Anlat turnam türküsünü dinliyorum. Bir yerde diyor ki "kırılmış kanadın uçamıyorsun, anlat turnam sinendeki dertleri"
Sanki kanadım çoktan kırılmışta ben fark etmemişim.
Öylece çırpınıyorum uçmak için.
Hatta bir noktadan sonra işimin uçmak değil de yüzmek olduğuna inanmışım gibi.
Fakat ne yüzmeyi biliyorum ne yüzmeye dair bir bilgim var.
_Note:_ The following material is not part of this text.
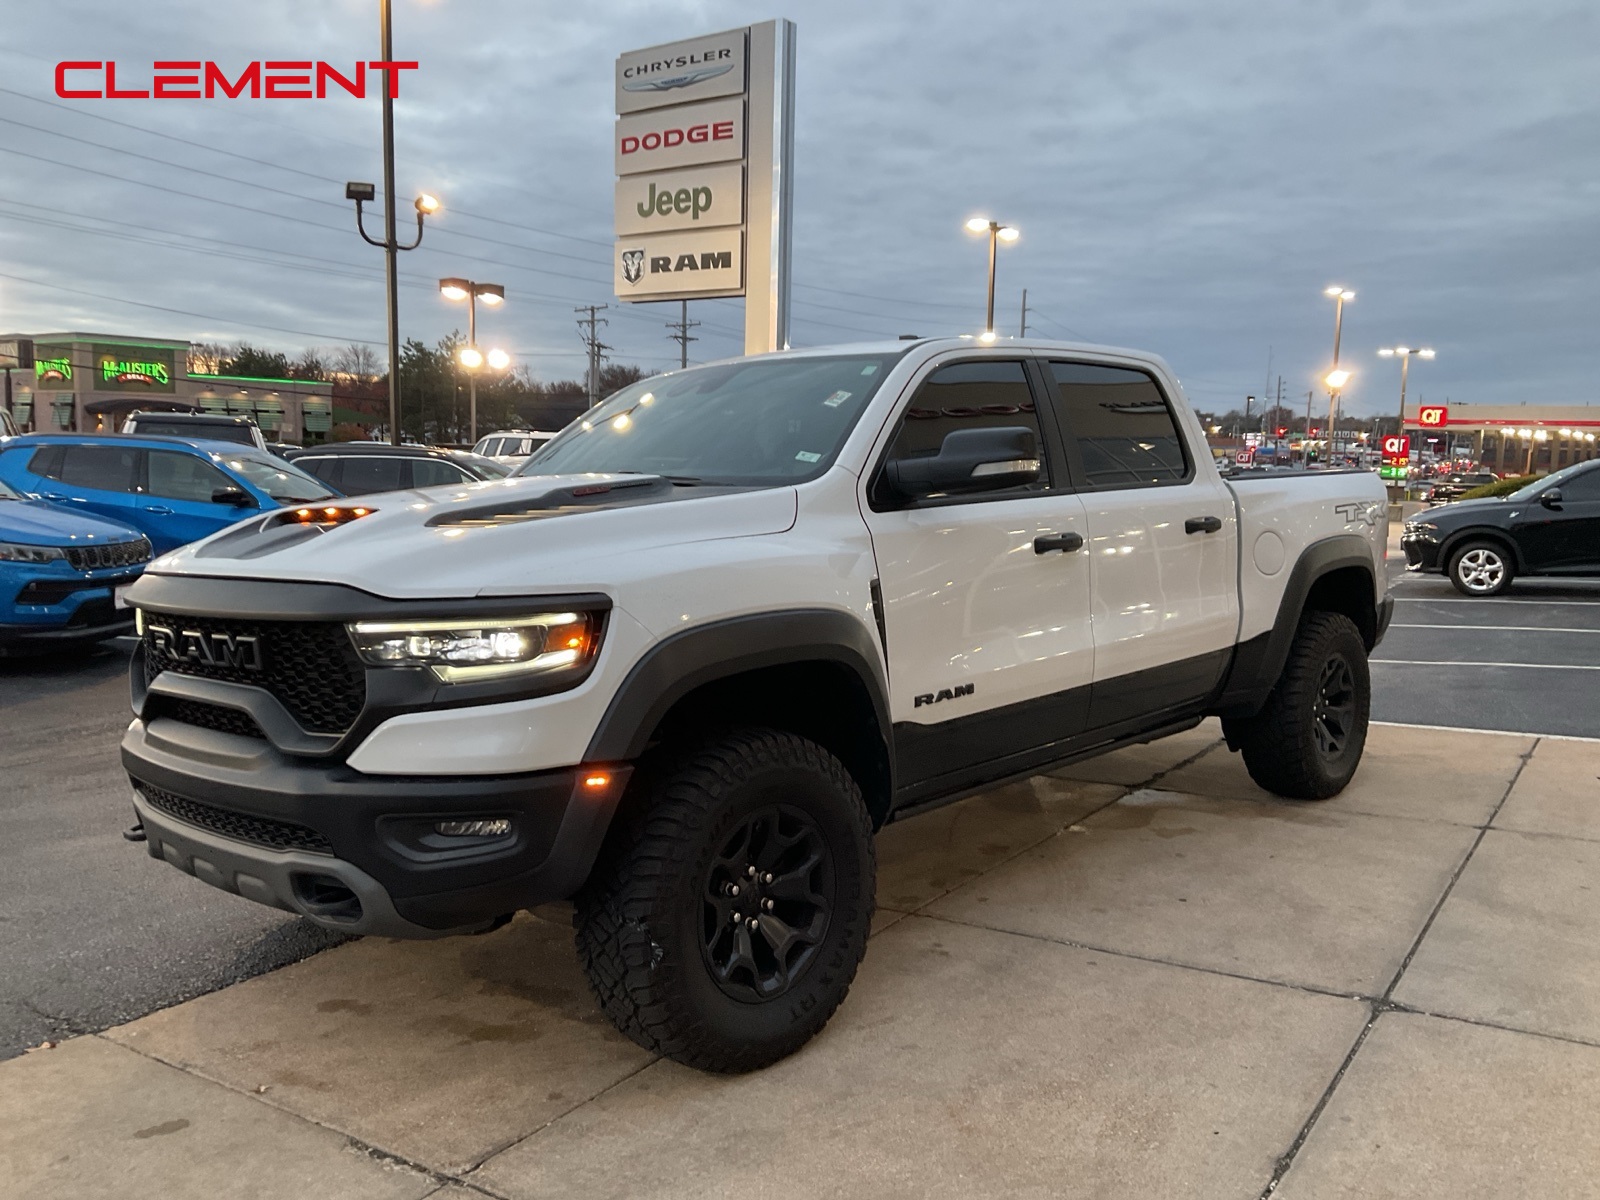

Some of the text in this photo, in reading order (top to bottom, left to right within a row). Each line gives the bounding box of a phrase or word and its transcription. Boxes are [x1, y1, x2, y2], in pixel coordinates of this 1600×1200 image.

Mesela deniz nedir, nerededir ondan bile haberim yok.
Ne olduğumu unutmuşum, çırpınıyorum.
Ne gökyüzünü arayabiliyorum ne denizi, çırpınıyorum.
Artık diğer kanadımın varlığından da haberim yok.
Uçanlara şaşırıyorum.
Önceden ne yapıyordum, bilmiyorum.
Çok zaman olmuş.
Çırpınıyorum.
Ve yavaş yavaş çırpınmayı da unutuyorum.
Bir şey çok tekrarlanırsa neden yapıldığı ve ne yapılmakta olduğu unutulur.
Artık çırpınamıyorum.
Her şey güneşin yakıcı sıcağında eridi.
Ben uçamadım.
Kimsede gelip sen kuşsun demedi.
Aynamı da bulamadım.
Denizi bulsam belki sudan yansımama bakıp ne olduğumu öğrenebilirdim.
Unuttum her şeyi.
En çok kendimi.
Zaten kendim,
her şeyim değil miydi?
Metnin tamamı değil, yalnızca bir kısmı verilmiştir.